The ultrasound literally took a minute or so. The doctor took a quick look and said, "Great uterus. Perfect. Picture perfect in fact. Ovaries are quiet, just how we want them." And that was it. Had a quick chat with the nurse about my medication and set the date. Thursday I head into the clinic for my transfer. At my old clinic, they transferred without the ultrasound (public clinic, remember?) so this will be my first transfer with a full bladder. I have a tiny bladder so I'm not looking forward to the drive into the city. Not at all.

I also asked the nurse if it was a problem for me to travel to Mexico if I get pregnant. She stated emphatically "No." Good to know. My BFF seemed a little annoyed that I was transferring before we left. She thought I would hold off until I returned. With my cycle, however, we wouldn't be able to transfer until Septemer if we waited. I've had enough of waiting. My beta will be a couple of days before my trip. So either I'll be happily drinking virgin mojitos or getting sloshed to drown my sorrows.

Now back to the "picture perfect uterus." If my lining/uterus is so awesome, why can't I get pregnant? Are all our embryos just crap? All of them? It's frustrating.

Friday, July 6, 2012

Kids These Days

Well, I've survived the first 4 days of summer school. The English 11 is class going well, though their writing and analytical skills are quite poor. My English 8 has been a challenge. They're really challenging my classroom managements skills. I had forgotten how much micro management is needed when they're this young and immature. Immaturity I can handle but things took a somewhat dangerous turn today.

Yesterday, I noticed one student making a gesture to a friend of his and mouthing, "I'm going to punch him in the face." He and I had a chat outside and I told him that he better not be thinking of having a fight after school, otherwise he would be expelled and be in serious trouble. He was adamant that he was just joking and nothing was planned. Well, guess what happened? He and another student in the class got into a fight. Fun. I got to sit in on the meeting with the two vice principals. Upon further investigation, we discovered that they had a fight two days before at the bus stop. Guess what it was over? A pair of broken headphones. That's right. Broken headphones. While we were all in the office, I told them what happened in class regarding the punching comment. I also threw in that boy #2 had been using derogatory language in class. We were working on sentence patterns and for his gerund, he wrote "Je.wing people is bad." Seriously? I had to control my anger and challenged him in his thinking. He was visibly uncomfortable (good) and feigned ignorance (yah right). Anyway, during the fight, he called student #1 a "dirty Mex.ican.". My God! What is wrong with kids? Well, despite my recommendation that both students be expelled from summer school, one of the vice principals decided to give them both one last chance.
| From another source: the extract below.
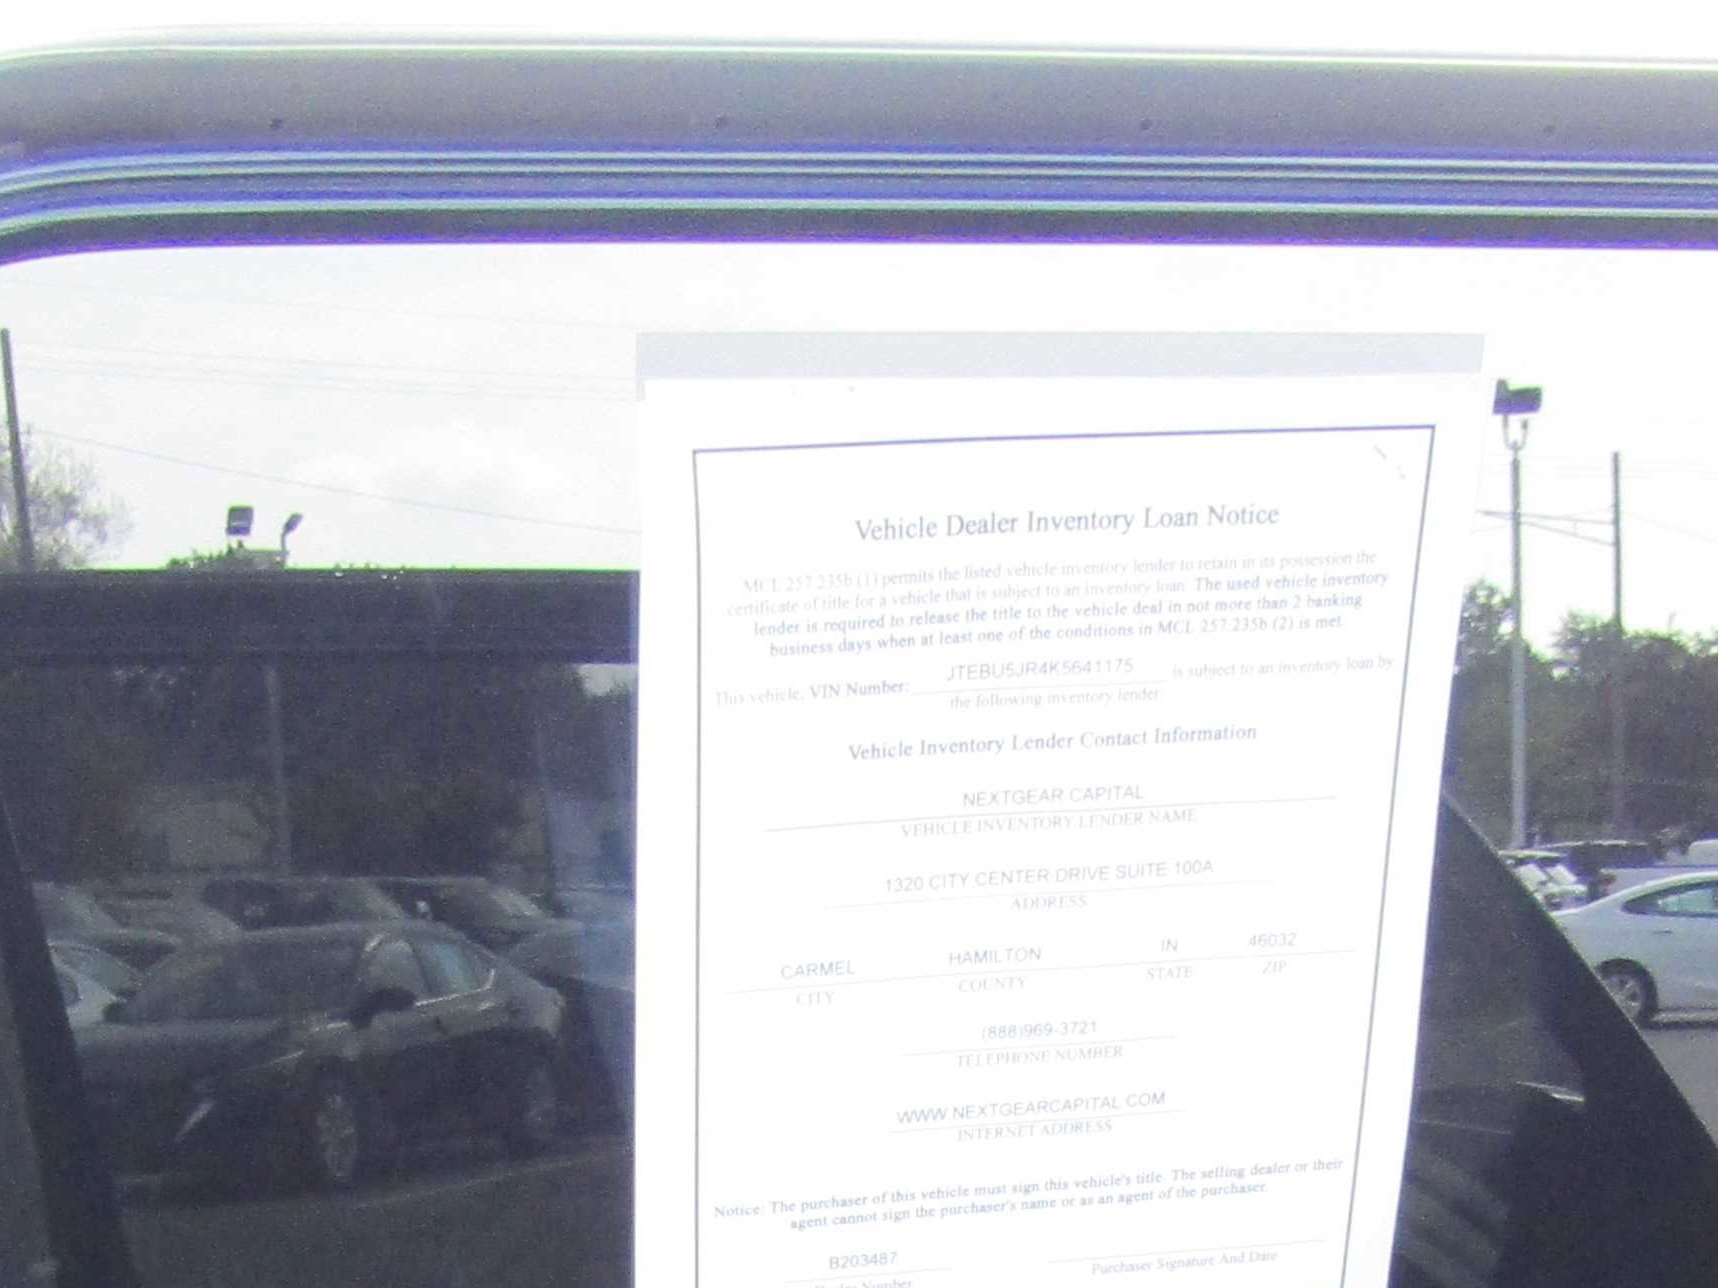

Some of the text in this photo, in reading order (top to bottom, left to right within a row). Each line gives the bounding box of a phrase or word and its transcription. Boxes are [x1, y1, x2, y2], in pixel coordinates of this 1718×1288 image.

Truly and honestly I hoped these boys would take this chance seriously. Almost immediately boy #2 started acting out. About 35mins into the class, he commently loudly and clearly to a different boy, "_____ you're dead." Hearing this, I sent boy #2 outside and told him to go to the office. He begged and he pleaded but I didn't relent. I should have escorted him to the summer school office but I didn't. Instead, he thought he would try to outsmart me and he headed to the regular office where the administrators are winding down from the 2011-2012 school year and had no clue what had just occurred the day before. So when #2 returned, boy #1 called me aside and stated that he had heard that #2 was carrying a knife and had planned to cut him. Another student verified this information as well. Really a knife?! I pulled out my phone and called the principal informing him that I have reports of a knife in my class. Moments later, two principals were at my door and student #2 was removed. They found the knife hidden in his shoe.

Why? Why did he do it? Was he scared? Was he trying to be intimidating? A kid doesn't bring a knife to school just because. I know that boy #1 has more to do with all this than we know. He's still on my radar. Here's hoping he learned something from all this and makes it through these next 15 days. Let's hope I make it through the next 15 days!

Tuesday, July 3, 2012

Holy Cramps Batman!

When I was researching endometrial biopsies, I knew there could be some complications - fever, infection... What I didn't anticipate were the bowl-me-over-in-pain cramps I would experience with my period. Holy moly! A whack load of pain killers, a heating pad, and four hours later, the cramps finally subsided. Never have I had cramps that painful before. At least none that I can remember.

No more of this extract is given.